It is glorious to indulge oneself in the sumptuous nostalgia of British director Mike Newell's grand Great Expectations.
What a grand Great Expectations

Celebrating Dickens' bicentenary celebrations with passion and vigour, the vast three-volume magnum opus of Victorian literature, has been skilfully adapted by David Nicholls, who adapted Sam Shepard's stage play Simpatico for the big screen - and also adapted his novel One Day; Nicholls has mastered the art of adaptation and also has a perfect understanding of bringing characters to life in all their flawed glory (a great payoff of his three-year stint at the Royal National Theatre where he understudied and played small parts).
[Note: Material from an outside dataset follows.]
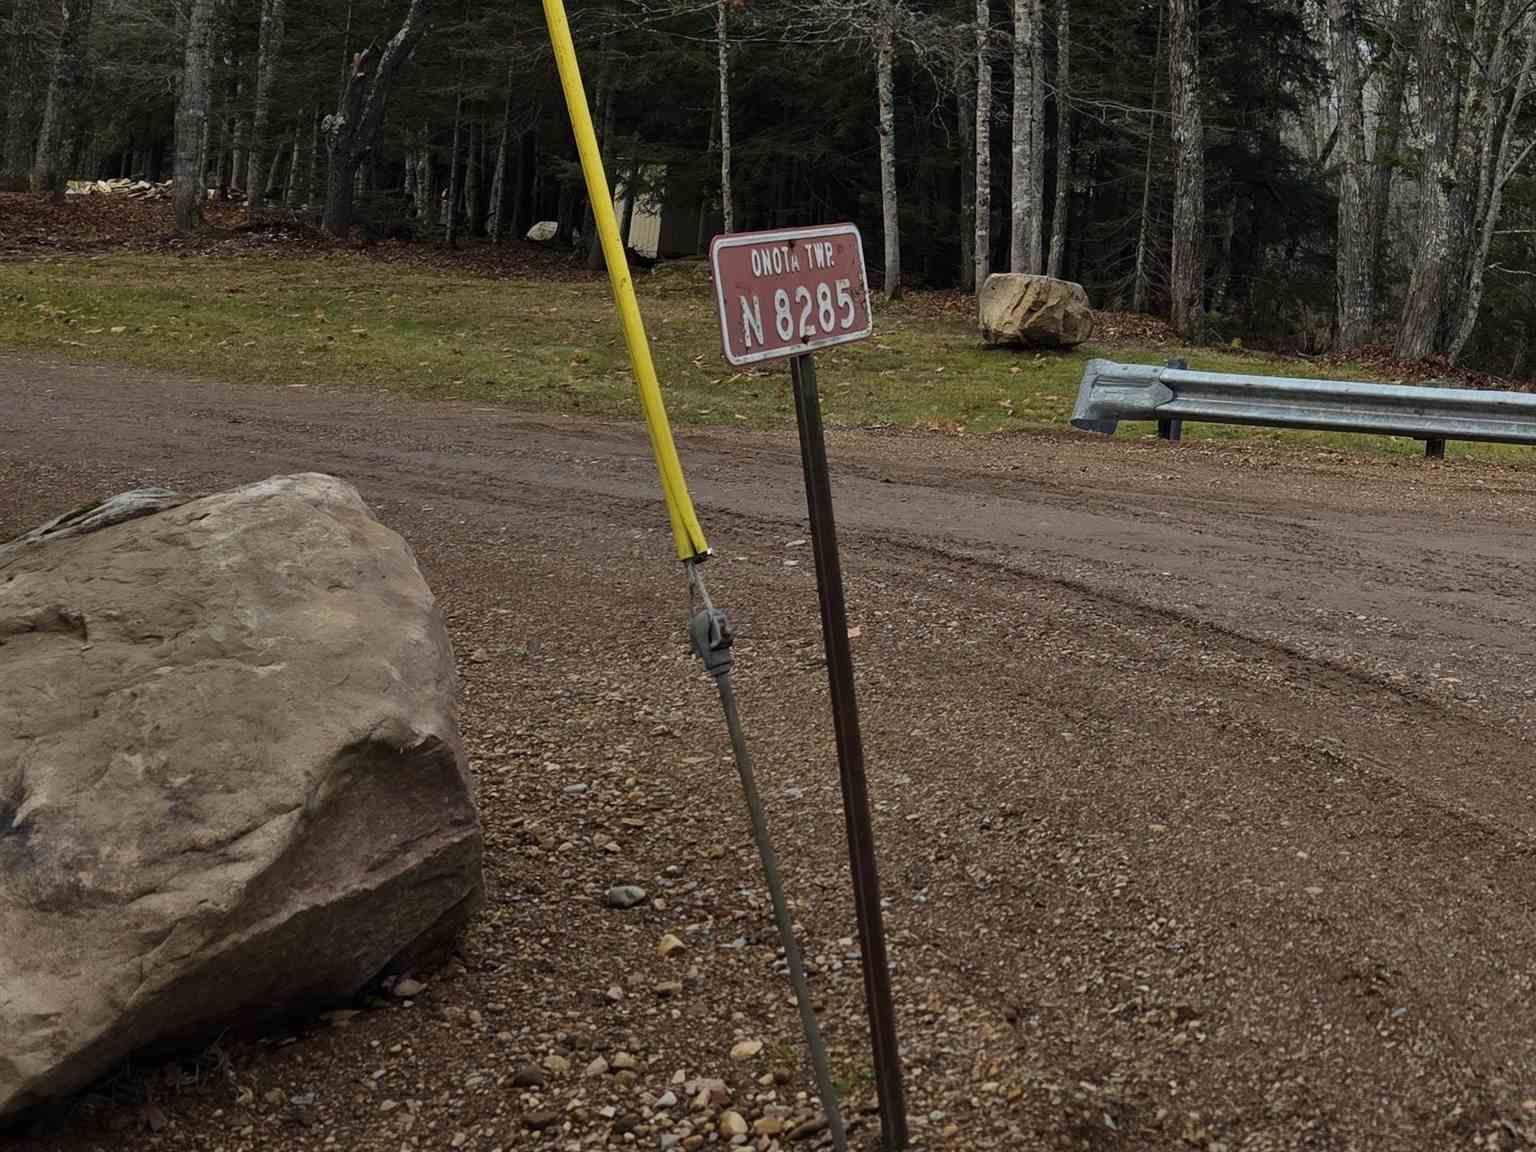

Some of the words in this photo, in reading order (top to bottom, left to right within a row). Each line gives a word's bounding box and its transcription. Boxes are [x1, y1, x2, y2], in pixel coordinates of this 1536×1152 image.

[805, 242, 835, 270] TWP.
[740, 295, 764, 348] N
[774, 278, 855, 341] 8285
Newell's spectacular realisation of Nicholls' text is invigorating and has an undeniable charm, affording us an opportunity to become a part of the world that Dickens created in 1860.

British filmmaking at its best

Dickens' classic Romeo and Juliet tale about a boy who passionately yearns to capture the love of a girl whose heart has been turned into ice, is vintage BBC and British filmmaking at its best. Newell also reverted to Dickens' ambiguous revised original ending of his novel, a further homage to its rich heritage that has been celebrated on film, television, stage and in spinoff novels since the dawning of cinema.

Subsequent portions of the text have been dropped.